I was wondering, may someone please elaborate on why the central core in the mobius band generates the first homology of the mobius band?

My thoughts are: $H_1(M)\cong H_1(\mathbb{S}^1)$ and $H_1(\mathbb{S}^1)$ is generated by the parameterization of the circle $I\rightarrow \mathbb{S}^1$, $t\rightarrow exp(2\pi it)$.

May someone elaborate? How should one think of generators of the first homology group geometrically?

  • 2
    Hint: Find a deformation-retraction of $M$ to the central circle. – Moishe Kohan Nov 17 '21 at 01:41
  • @Moishe Kohan . I am well aware that such a deformation retraction exists. Indeed, that was implicit in the isomorphism between the homology groups above. I don’t understand why that means that a parameterization of the central circle generates thr homology group –  Nov 17 '21 at 01:51
  • 2
    The inclusion map of a deformation retract induces an isomorphism of homology. – Andreas Blass Nov 17 '21 at 01:55

1 Answers1

0

When you say that $H_1(S^1)$ is generated by the parameterization of the circle $u : I\rightarrow S^1, u(t) = \exp(2\pi it)$, you mean that the singular $1$-simplex $u$ is a cycle whose homology class $[u]$ generates $H_1(S^1)$.

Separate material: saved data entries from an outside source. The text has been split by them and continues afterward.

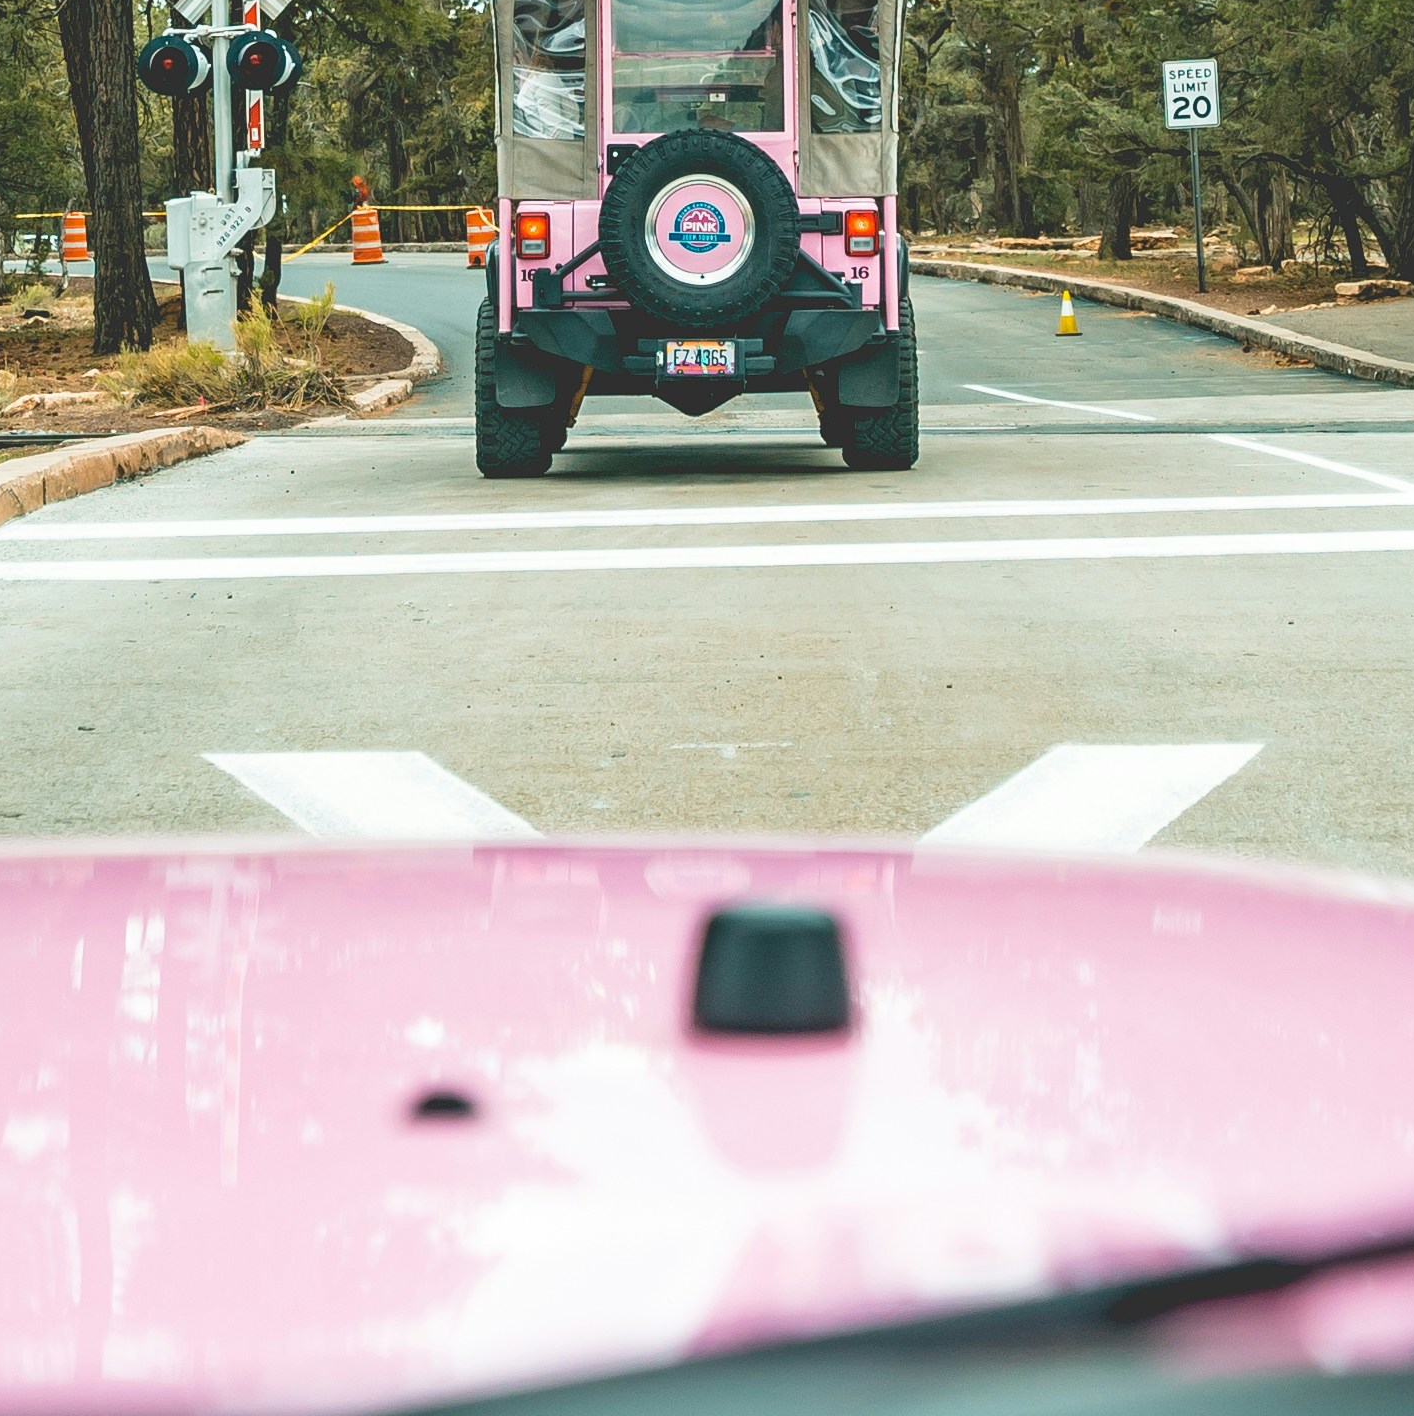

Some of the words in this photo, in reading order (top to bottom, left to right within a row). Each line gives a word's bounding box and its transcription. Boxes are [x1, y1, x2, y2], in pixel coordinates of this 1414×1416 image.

[1169, 68, 1212, 80] SPEED
[1173, 82, 1208, 93] LIMIT
[1172, 95, 1212, 120] 20
[683, 221, 717, 232] PINK
[851, 266, 870, 280] 16
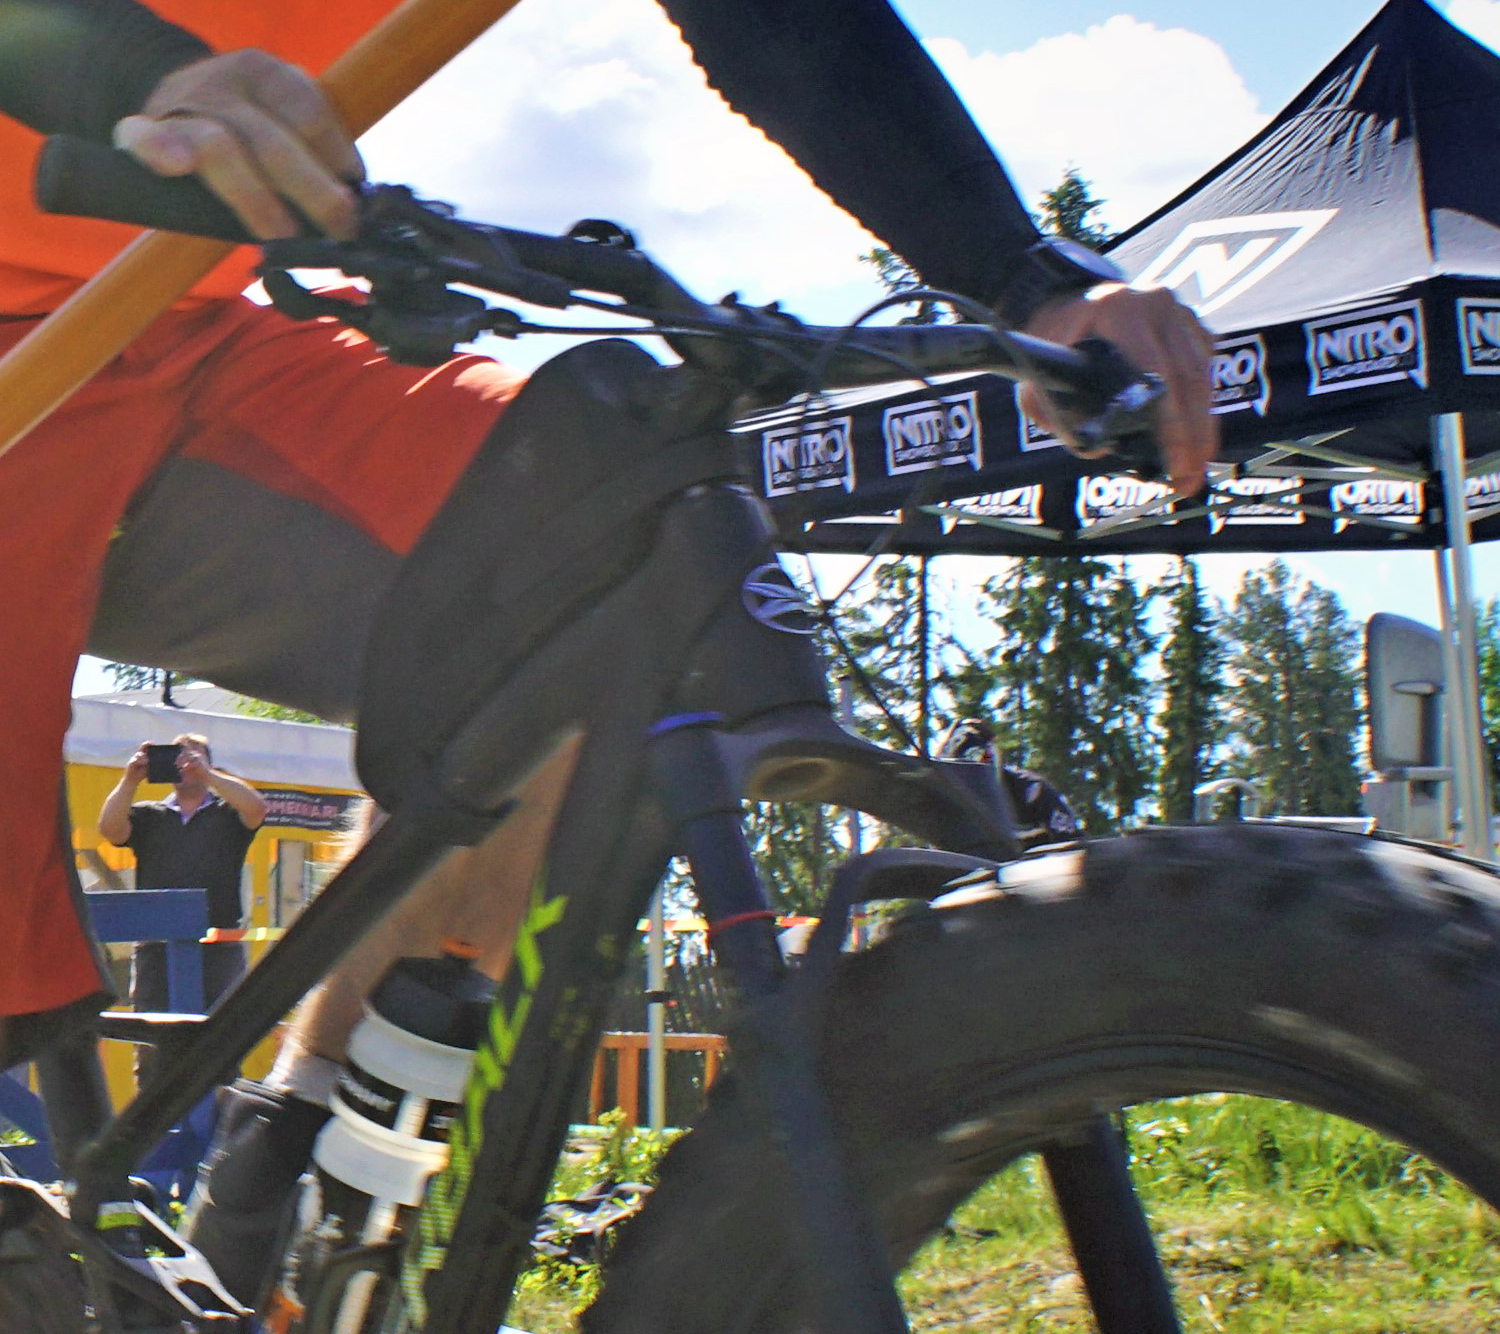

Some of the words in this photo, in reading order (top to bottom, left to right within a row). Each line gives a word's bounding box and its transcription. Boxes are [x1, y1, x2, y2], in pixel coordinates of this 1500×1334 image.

[1316, 315, 1416, 368] NITRO
[890, 404, 973, 450] NITRO
[769, 429, 845, 472] NITRO
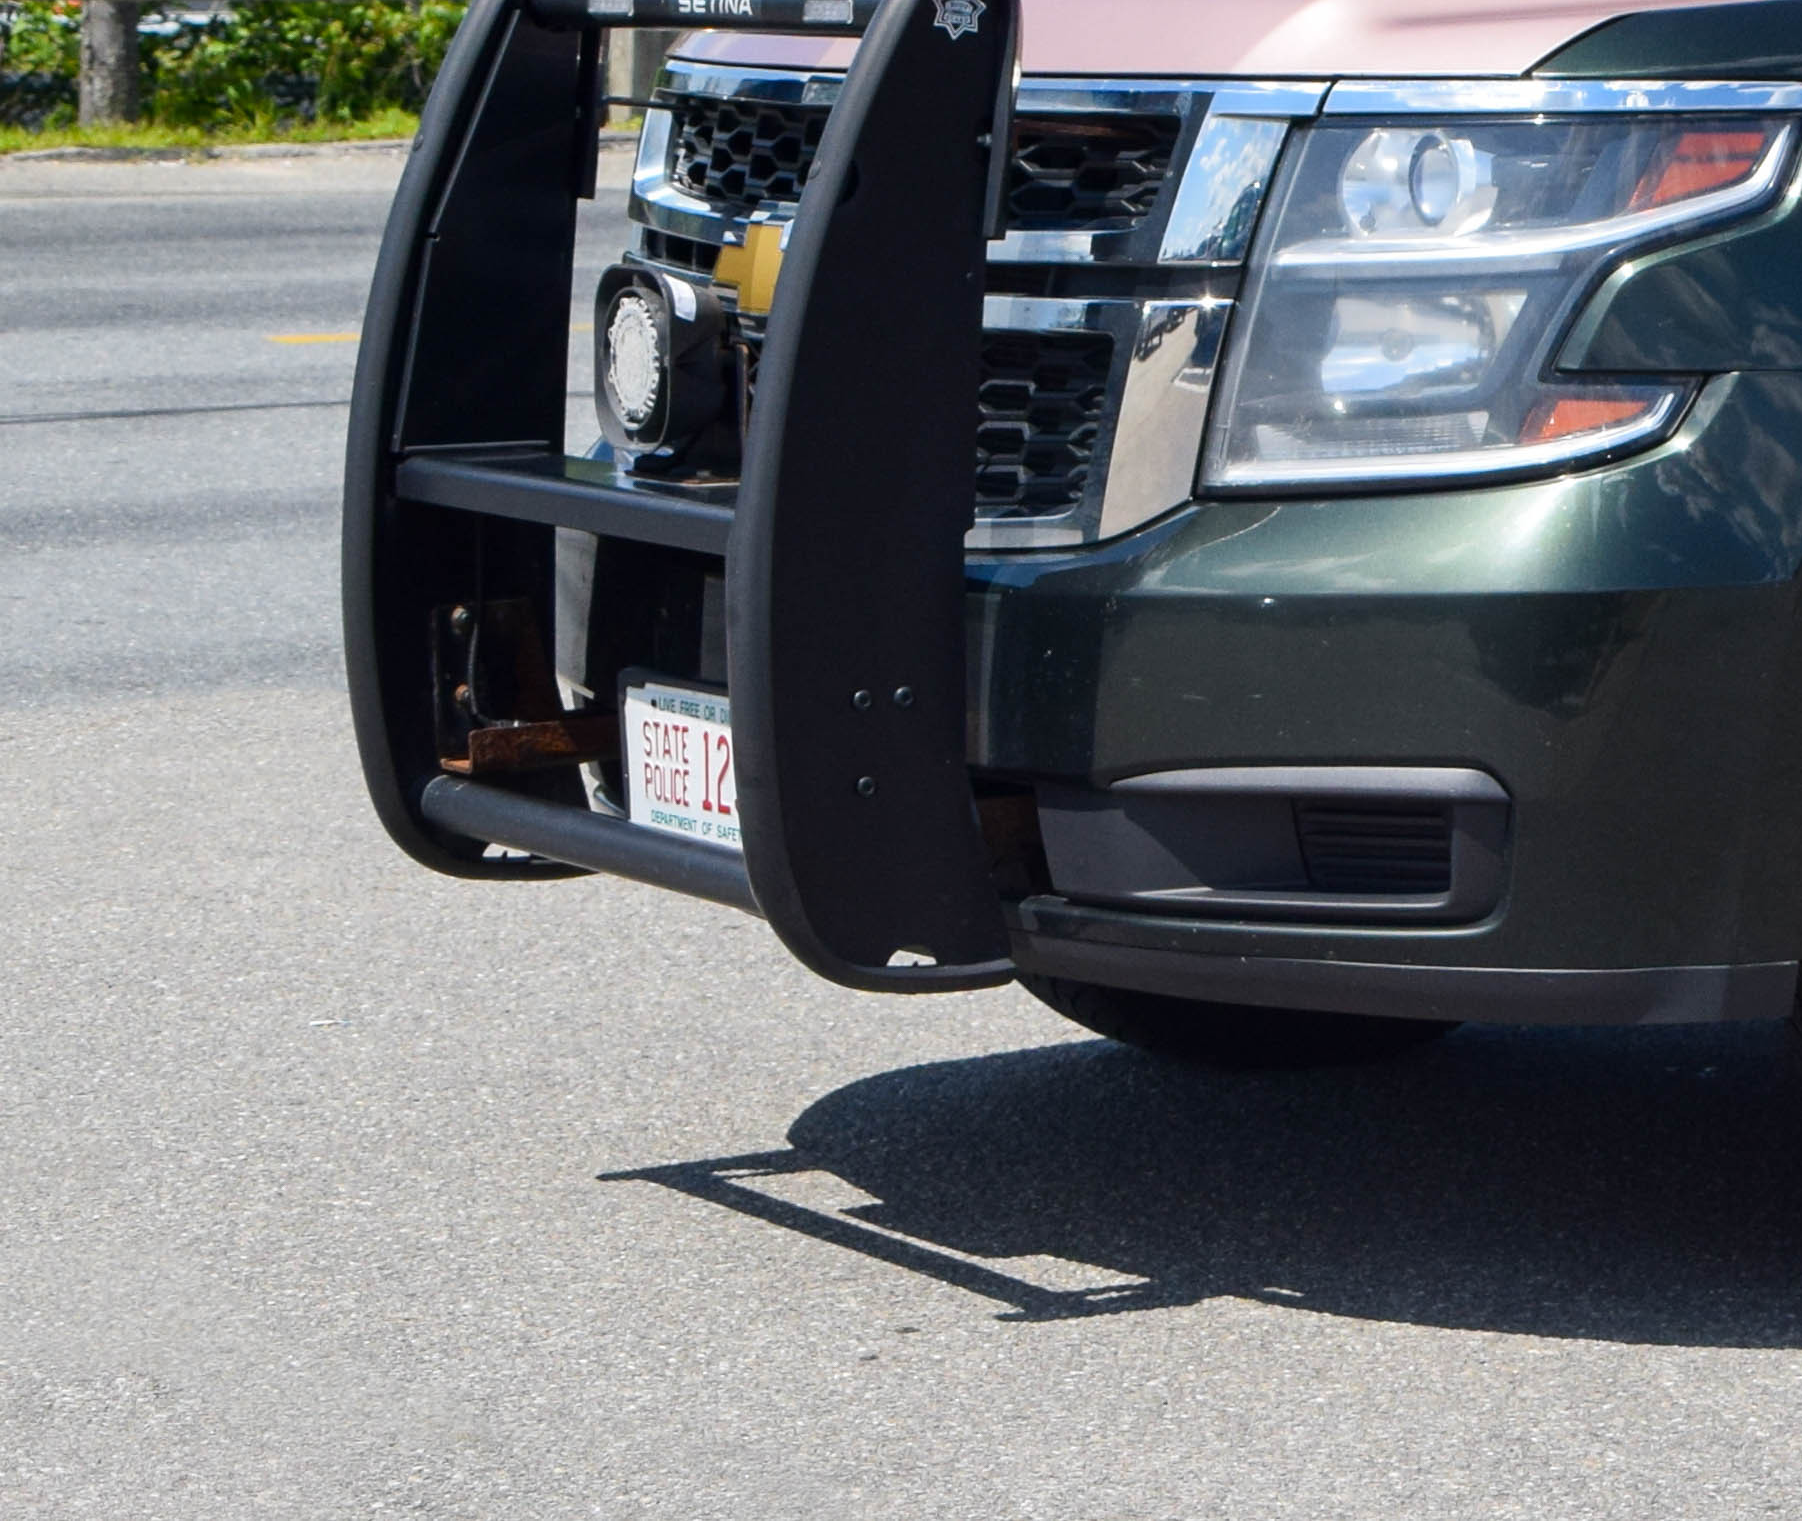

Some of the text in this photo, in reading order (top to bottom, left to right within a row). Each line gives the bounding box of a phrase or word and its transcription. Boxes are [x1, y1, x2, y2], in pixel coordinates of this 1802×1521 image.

[659, 695, 676, 714] LIVE
[680, 699, 701, 719] FREE
[704, 705, 716, 721] OR
[643, 720, 689, 764] STATE
[644, 763, 690, 808] POLICE
[702, 730, 738, 817] 12
[651, 809, 741, 843] DEPARTMENT OF SAFET

The central core (aka center circle) of $M$ is the image of an embedding $j : S^1 \to M$. You know that $S = j(S^1)$ is a strong deformation retract of $M$. Let $r : M \to S$ be the corresponding retraction. This gives us the map $\rho = j^{-1} \circ r : M \to S^1$ which is a homotopy inverse for $j$. Hence $j_*([u])$ is a generator of $H_1(M)$. But $j_*([u]) = [j \circ u]$. The map $u' = j \circ u$ which is given by $u'(t) = j(\exp(2\pi it))$ is a the parameterization of the central circle of $M$. By construction it is a $1$-cycle whose homology class $[u']$ generates $H_1(M)$.